- [Task requirements]
From the first line to the last, reproduce the records exactly.

- [Saved entries]

━━━━━━━━━━

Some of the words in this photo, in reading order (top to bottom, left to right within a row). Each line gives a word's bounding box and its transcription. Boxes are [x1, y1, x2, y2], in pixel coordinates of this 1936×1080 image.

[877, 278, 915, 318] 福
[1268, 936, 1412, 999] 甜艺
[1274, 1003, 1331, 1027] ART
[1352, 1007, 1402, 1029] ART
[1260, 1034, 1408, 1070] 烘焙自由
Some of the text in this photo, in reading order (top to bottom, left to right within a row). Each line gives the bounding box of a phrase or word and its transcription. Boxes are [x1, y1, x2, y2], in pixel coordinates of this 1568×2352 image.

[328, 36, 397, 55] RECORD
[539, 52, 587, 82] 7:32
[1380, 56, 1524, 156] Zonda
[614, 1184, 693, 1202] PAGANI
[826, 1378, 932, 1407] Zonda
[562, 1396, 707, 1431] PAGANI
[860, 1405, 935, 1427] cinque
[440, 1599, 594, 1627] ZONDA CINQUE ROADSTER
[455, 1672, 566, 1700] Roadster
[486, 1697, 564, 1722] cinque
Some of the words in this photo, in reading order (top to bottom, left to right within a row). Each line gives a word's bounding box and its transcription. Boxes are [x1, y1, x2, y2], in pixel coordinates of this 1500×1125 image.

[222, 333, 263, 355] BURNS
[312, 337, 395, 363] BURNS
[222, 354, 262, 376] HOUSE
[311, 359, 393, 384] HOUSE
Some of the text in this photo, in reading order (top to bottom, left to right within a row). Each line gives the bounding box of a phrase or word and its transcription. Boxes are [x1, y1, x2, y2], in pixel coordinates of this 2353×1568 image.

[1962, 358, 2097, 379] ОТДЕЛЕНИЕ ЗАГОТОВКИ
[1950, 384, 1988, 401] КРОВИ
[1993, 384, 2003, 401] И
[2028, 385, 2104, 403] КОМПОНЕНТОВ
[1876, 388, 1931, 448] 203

━━━━━━━━━━

- [Task output]
Some of the words in this photo, in reading order (top to bottom, left to right within a row). Each line gives a word's bounding box and its transcription. Boxes are [x1, y1, x2, y2], in pixel coordinates of this 1936×1080 image.

[877, 278, 915, 318] 福
[1268, 936, 1412, 999] 甜艺
[1274, 1003, 1331, 1027] ART
[1352, 1007, 1402, 1029] ART
[1260, 1034, 1408, 1070] 烘焙自由
Some of the text in this photo, in reading order (top to bottom, left to right within a row). Each line gives the bounding box of a phrase or word and its transcription. Boxes are [x1, y1, x2, y2], in pixel coordinates of this 1568×2352 image.

[328, 36, 397, 55] RECORD
[539, 52, 587, 82] 7:32
[1380, 56, 1524, 156] Zonda
[614, 1184, 693, 1202] PAGANI
[826, 1378, 932, 1407] Zonda
[562, 1396, 707, 1431] PAGANI
[860, 1405, 935, 1427] cinque
[440, 1599, 594, 1627] ZONDA CINQUE ROADSTER
[455, 1672, 566, 1700] Roadster
[486, 1697, 564, 1722] cinque
Some of the words in this photo, in reading order (top to bottom, left to right within a row). Each line gives a word's bounding box and its transcription. Boxes are [x1, y1, x2, y2], in pixel coordinates of this 1500×1125 image.

[222, 333, 263, 355] BURNS
[312, 337, 395, 363] BURNS
[222, 354, 262, 376] HOUSE
[311, 359, 393, 384] HOUSE
Some of the text in this photo, in reading order (top to bottom, left to right within a row). Each line gives the bounding box of a phrase or word and its transcription. Boxes are [x1, y1, x2, y2], in pixel coordinates of this 2353×1568 image.

[1962, 358, 2097, 379] ОТДЕЛЕНИЕ ЗАГОТОВКИ
[1950, 384, 1988, 401] КРОВИ
[1993, 384, 2003, 401] И
[2028, 385, 2104, 403] КОМПОНЕНТОВ
[1876, 388, 1931, 448] 203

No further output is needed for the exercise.